Your goal: Write down exactly the lines from the one with "Some of the words" to the end of the data, first and last included, and no others.

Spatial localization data
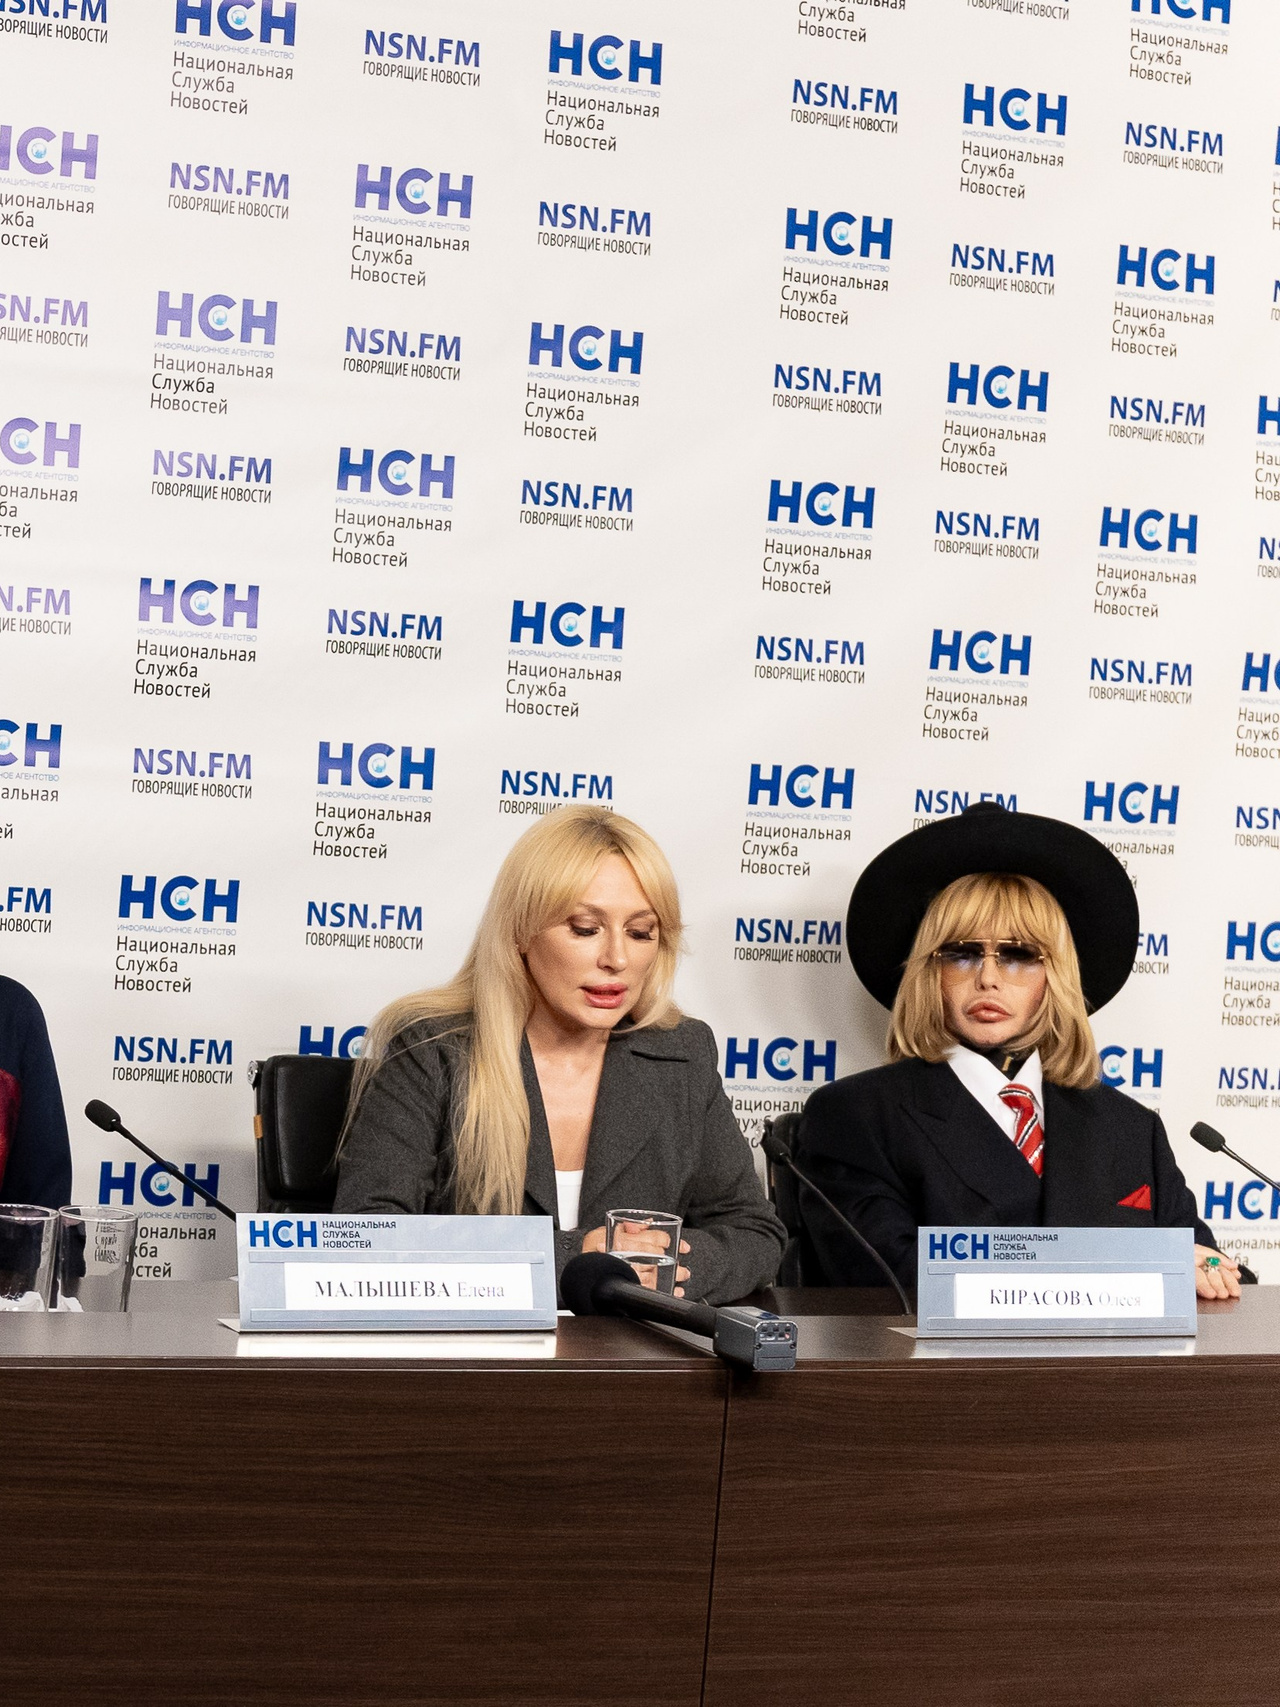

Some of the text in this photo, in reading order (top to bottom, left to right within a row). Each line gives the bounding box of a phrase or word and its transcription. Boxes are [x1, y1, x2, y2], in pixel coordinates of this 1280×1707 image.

[365, 30, 479, 67] NSN.FM
[549, 30, 663, 85] НСН
[363, 61, 480, 87] ГОВОРЯЩИЕ НОВОСТИ
[547, 90, 659, 117] Национальная
[793, 79, 897, 115] NSN.FM
[546, 109, 604, 130] Служба
[963, 83, 1067, 136] НСН
[791, 109, 897, 133] ГОВОРЯЩИЕ НОВОСТИ
[544, 129, 616, 151] Новостей
[963, 141, 1064, 167] Национальная
[961, 159, 1014, 179] Служба
[355, 164, 473, 219] НСН
[960, 177, 1025, 199] Новостей
[539, 201, 650, 237] NSN.FM
[353, 226, 469, 251] Национальная
[538, 232, 651, 256] ГОВОРЯЩИЕ НОВОСТИ
[785, 207, 893, 260] НСН
[352, 245, 412, 266] Служба
[351, 264, 425, 286] Новостей
[783, 267, 888, 291] Национальная
[781, 285, 836, 306] Служба
[780, 304, 848, 325] Новостей
[346, 327, 460, 361] NSN.FM
[344, 358, 460, 380] ГОВОРЯЩИЕ НОВОСТИ
[947, 362, 1049, 412] НСН
[944, 420, 1046, 443] Национальная
[942, 438, 995, 458] Служба
[941, 457, 1007, 476] Новостей
[522, 480, 632, 512] NSN.FM
[520, 510, 633, 531] ГОВОРЯЩИЕ НОВОСТИ
[139, 577, 259, 629] НСН
[328, 609, 442, 641] NSN.FM
[510, 600, 625, 649] НСН
[137, 639, 256, 662] Национальная
[326, 640, 441, 660] ГОВОРЯЩИЕ НОВОСТИ
[756, 635, 864, 665] NSN.FM
[929, 629, 1032, 676] НСН
[136, 659, 197, 680] Служба
[508, 660, 621, 682] Национальная
[755, 665, 864, 683] ГОВОРЯЩИЕ НОВОСТИ
[1090, 658, 1192, 686] NSN.FM
[134, 678, 210, 698] Новостей
[507, 679, 566, 699] Служба
[926, 686, 1027, 706] Национальная
[1089, 686, 1192, 704] ГОВОРЯЩИЕ НОВОСТИ
[506, 698, 578, 717] Новостей
[924, 704, 977, 724] Служба
[923, 723, 988, 740] Новостей
[134, 748, 251, 779] NSN.FM
[317, 741, 435, 790] НСН
[132, 779, 252, 799] ГОВОРЯЩИЕ НОВОСТИ
[748, 764, 855, 809] НСН
[316, 802, 431, 823] Национальная
[315, 821, 374, 841] Служба
[745, 822, 850, 840] Национальная
[313, 840, 387, 859] Новостей
[743, 840, 798, 859] Служба
[741, 859, 810, 876] Новостей
[118, 875, 240, 923] НСН
[307, 901, 422, 931] NSN.FM
[306, 932, 423, 950] ГОВОРЯЩИЕ НОВОСТИ
[736, 918, 841, 945] NSN.FM
[117, 936, 235, 955] Национальная
[734, 947, 841, 964] ГОВОРЯЩИЕ НОВОСТИ
[116, 955, 177, 975] Служба
[115, 974, 191, 992] Новостей
[114, 1036, 232, 1065] NSN.FM
[113, 1067, 232, 1084] ГОВОРЯЩИЕ НОВОСТИ
[99, 1161, 220, 1207] НСН
[249, 1220, 317, 1248] НСН
[322, 1220, 397, 1230] НАЦИОНАЛЬНАЯ
[322, 1230, 361, 1239] СЛУЖБА
[322, 1238, 372, 1249] НОВОСТЕЙ
[929, 1233, 989, 1260] НСН
[993, 1233, 1059, 1243] НАЦИОНАЛЬНАЯ
[993, 1243, 1027, 1252] СЛУЖБА
[993, 1251, 1037, 1261] НОВОСТЕЙ
[315, 1280, 505, 1299] МАЛЫШЕВА Елена
[990, 1289, 1093, 1307] КИРАСОВА
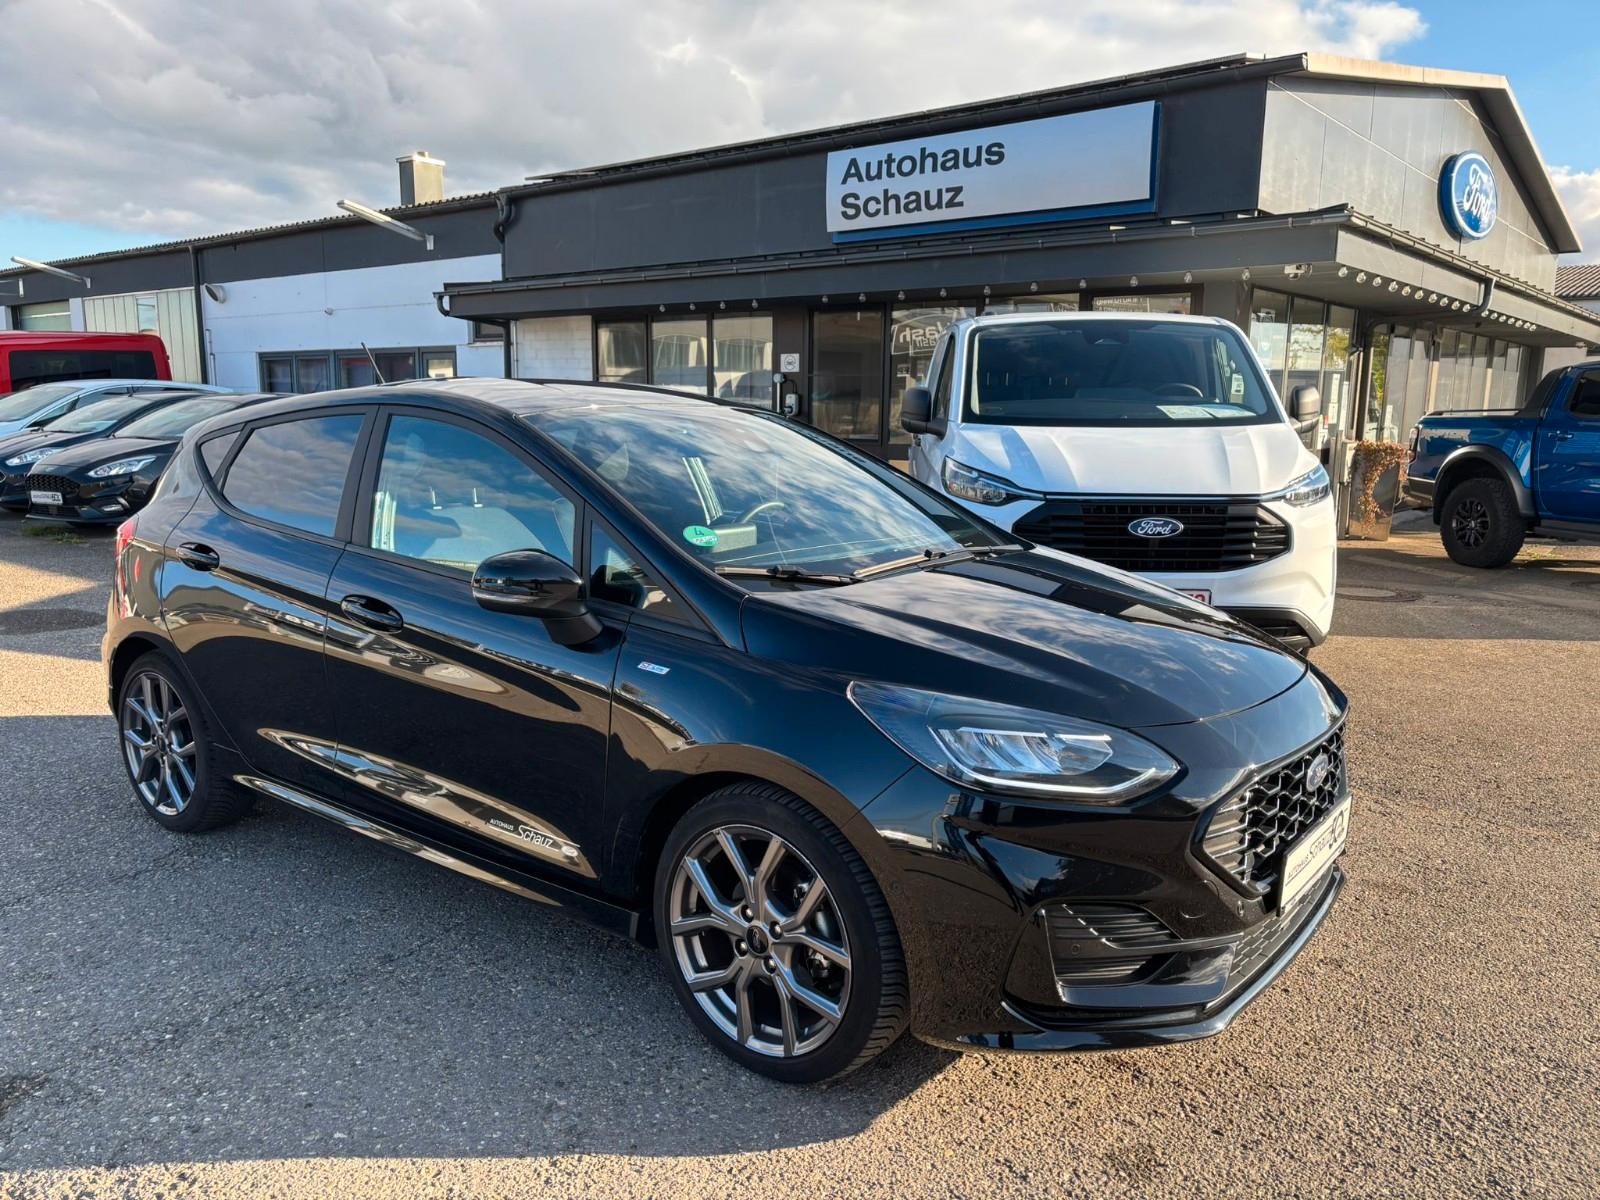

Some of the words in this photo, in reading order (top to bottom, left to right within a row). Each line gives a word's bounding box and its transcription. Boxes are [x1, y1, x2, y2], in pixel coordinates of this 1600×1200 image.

[840, 142, 1006, 185] Autohaus
[840, 185, 964, 220] Schauz
[1463, 163, 1493, 222] Ford
[1137, 520, 1172, 535] Ford
[489, 818, 514, 831] AUTOHAUS
[518, 825, 554, 849] Schauz

Expected output:
Some of the words in this photo, in reading order (top to bottom, left to right within a row). Each line gives a word's bounding box and its transcription. Boxes are [x1, y1, x2, y2], in pixel coordinates of this 1600×1200 image.

[840, 142, 1006, 185] Autohaus
[840, 185, 964, 220] Schauz
[1463, 163, 1493, 222] Ford
[1137, 520, 1172, 535] Ford
[489, 818, 514, 831] AUTOHAUS
[518, 825, 554, 849] Schauz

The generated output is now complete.